A Polícia Civil do Distrito Federal prendeu nesta segunda-feira, 17, um homem de 28 anos e uma mulher de 26 suspeitos de invadir sistemas de corretoras de seguros e trocar a forma de cobrança dos clientes por chaves Pix controladas pela dupla. Os dois foram localizados em Guarulhos, na Grande São Paulo, na operação batizada de Desvio de Rota.
A ação foi conduzida pela Delegacia Especial de Repressão aos Crimes Cibernéticos, com apoio da Polícia Civil de São Paulo. Foram cumpridos dois mandados de prisão e dois de busca e apreensão.
Como funcionava o esquema
Segundo a investigação, os suspeitos obtinham acesso ao sistema das corretoras e alteravam o meio de pagamento das apólices. Cobranças que sairiam por débito automático ou boleto bancário passavam a ser emitidas em Pix, com chave sob controle da dupla.
Depois da alteração, os investigados procuravam o cliente pelo WhatsApp se apresentando como representantes da corretora. Ofereciam desconto de até 5% para quem pagasse imediatamente. A vítima transferia o valor acreditando estar quitando o seguro contratado, e o dinheiro caía em conta dos suspeitos.
A PCDF não divulgou o total desviado nem quantos clientes foram atingidos. Os dois vão responder por invasão de dispositivo informático e estelionato qualificado cometido por meio eletrônico, condutas cujas penas somadas podem chegar a 12 anos de reclusão. Até a publicação desta reportagem, a defesa dos presos não havia sido identificada, e as corretoras atingidas não foram nomeadas pela corporação.
Por que o golpe é difícil de perceber
O ponto que diferencia esse caso da fraude comum por mensagem é a origem do contato. A abordagem não parte de um número aleatório com uma história genérica. Ela parte de dentro do sistema da empresa, o que permite ao criminoso chegar com dados que só a corretora e o cliente conhecem: nome completo, número da apólice, valor exato da parcela e data de vencimento.
Quando a mensagem chega, ela confere com o contrato real. O sinal de alerta que normalmente barra a fraude, a informação errada, não aparece. O desconto por pagamento imediato cumpre a segunda função do golpe, que é encurtar o tempo de decisão da vítima.

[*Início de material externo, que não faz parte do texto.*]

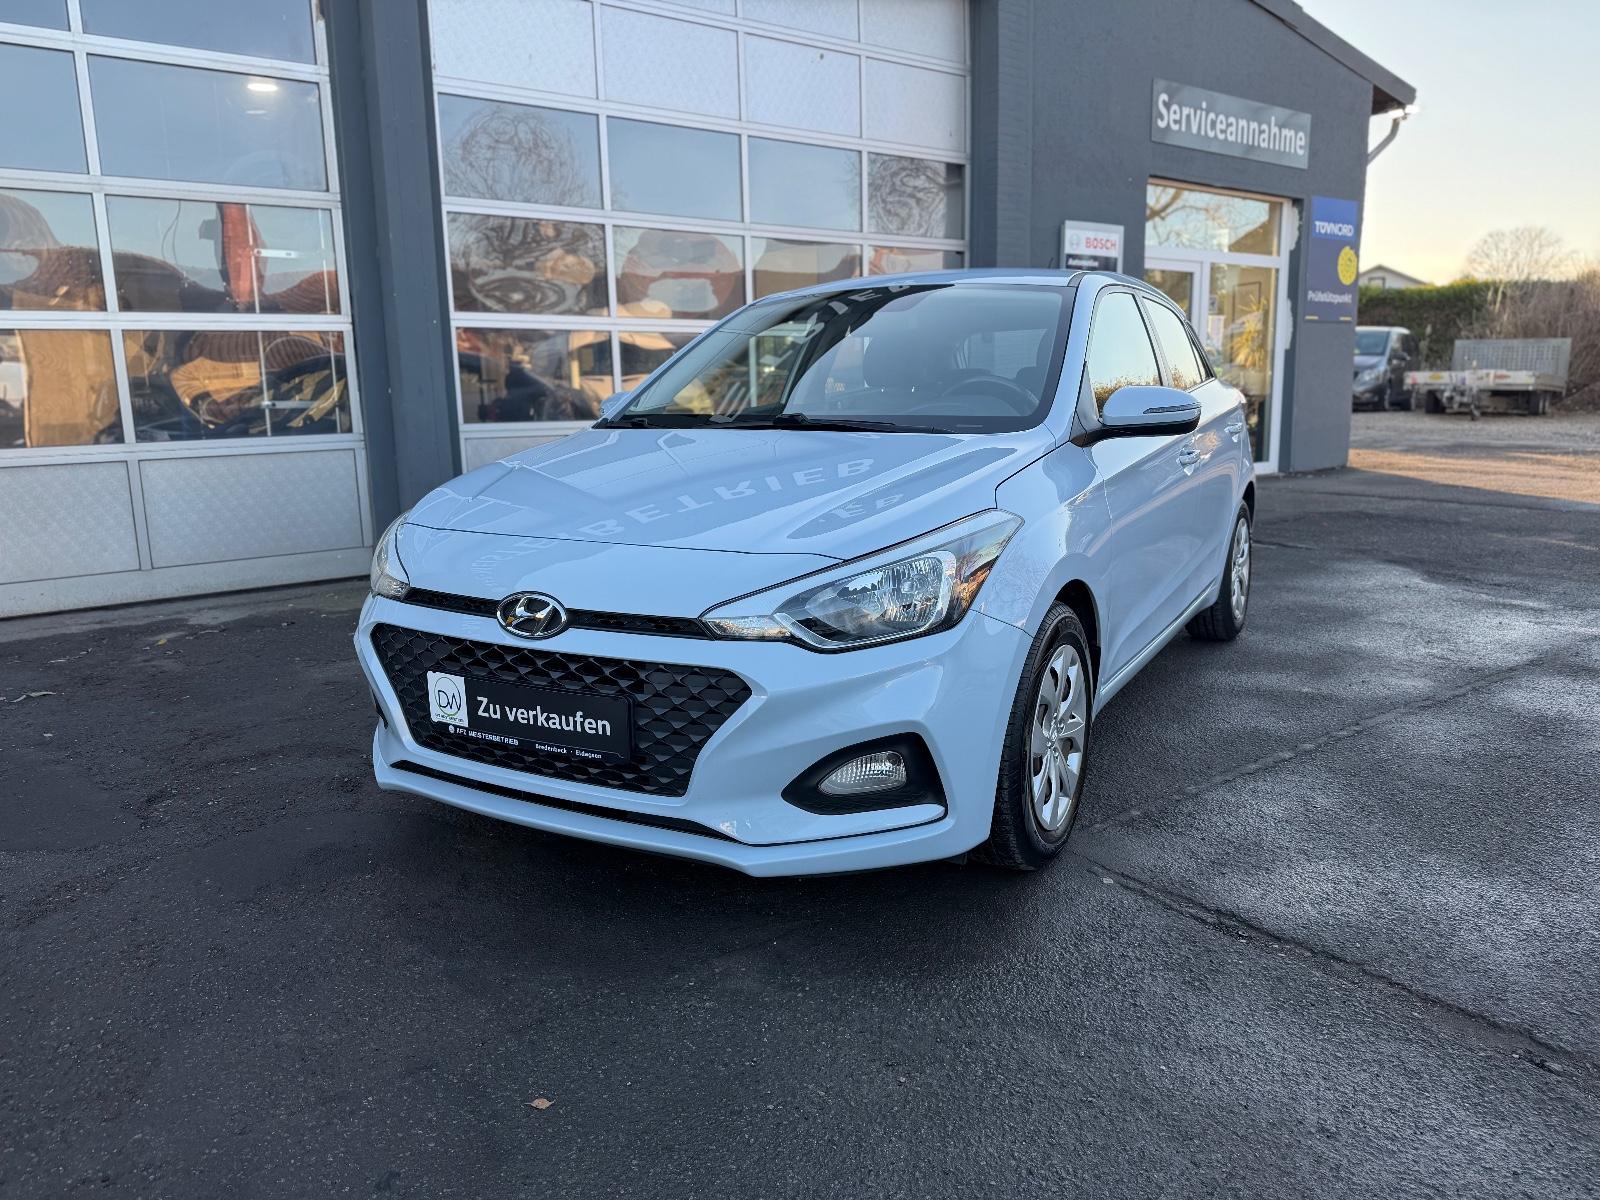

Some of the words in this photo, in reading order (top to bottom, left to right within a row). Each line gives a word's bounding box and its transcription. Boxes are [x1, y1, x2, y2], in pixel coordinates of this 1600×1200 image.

[1156, 92, 1306, 156] Serviceannahme
[1085, 236, 1117, 251] BOSCH
[476, 696, 501, 720] Zu
[505, 705, 611, 736] verkaufen
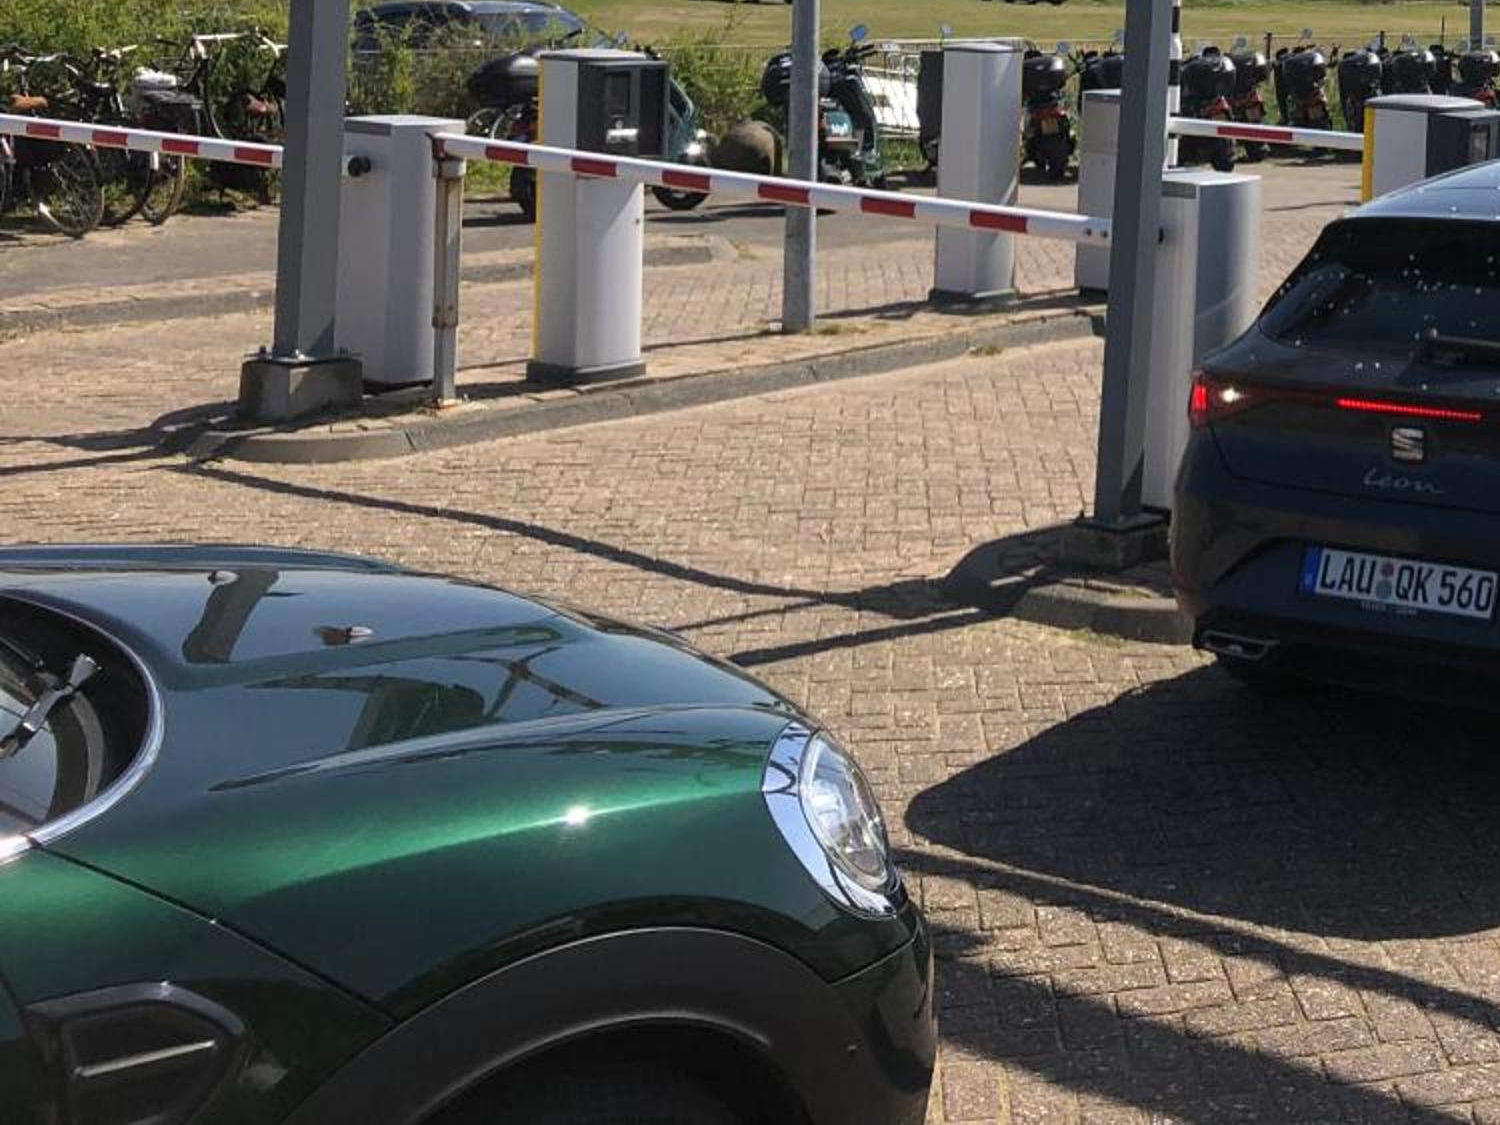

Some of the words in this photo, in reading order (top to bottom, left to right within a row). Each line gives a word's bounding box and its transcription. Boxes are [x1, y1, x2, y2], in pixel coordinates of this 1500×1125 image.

[1363, 467, 1444, 493] Leon
[1320, 554, 1377, 594] LAU
[1395, 565, 1434, 603] QK
[1438, 571, 1493, 612] 560

A tática se soma a uma sequência de operações da PCDF contra fraude eletrônica no Distrito Federal nas últimas semanas, incluindo casos de falso advogado, uso indevido do nome do Unicef e comprovante falso de Pix em farmácias.
O que fazer para não cair
- Trate qualquer troca de meio de pagamento comunicada por WhatsApp como suspeita, mesmo quando a mensagem traz seus dados corretos.
- Antes de pagar, ligue para a corretora ou a seguradora pelo telefone que consta na apólice ou no site oficial. Nunca use o número que enviou a mensagem.
- Confira o nome do titular da chave na tela de confirmação do aplicativo do banco. Cobrança de empresa cai em CNPJ, e o nome exibido precisa bater com o da corretora.
- Desconfie de desconto por pagamento na hora. A pressa é parte do método.
- Se o pagamento já foi feito, acione o Mecanismo Especial de Devolução pelo aplicativo do banco. O pedido pode ser registrado em até 80 dias após a transação.
Onde registrar a ocorrência
No Distrito Federal, o registro pode ser feito pela Delegacia Eletrônica da PCDF, no endereço pcdf.df.gov.br/servicos/delegacia-eletronica, ou presencialmente em qualquer delegacia. Casos que envolvem invasão de sistema e fraude por meio eletrônico são apurados pela Delegacia Especial de Repressão aos Crimes Cibernéticos.
O Mecanismo Especial de Devolução foi criado pelo Banco Central para casos de fraude e falha operacional. O banco da vítima abre o pedido, e a instituição que recebeu o dinheiro tem prazo para analisar e bloquear o saldo, se ainda houver. Por isso o registro rápido é decisivo: quanto mais tempo passa, maior a chance de o valor já ter sido pulverizado em outras contas.
Quem foi vítima deve guardar o comprovante da transferência, o print da conversa e o número da apólice. Esses três itens sustentam tanto o pedido de devolução no banco quanto o inquérito policial.
Empresas que operam cobrança recorrente também têm o que revisar. O caso mostra que a porta de entrada não foi o cliente, e sim o sistema da corretora. Autenticação em duas etapas para acesso administrativo, controle de quem pode alterar meio de pagamento e registro de log de alteração reduzem a chance de a fraude começar sem que ninguém perceba.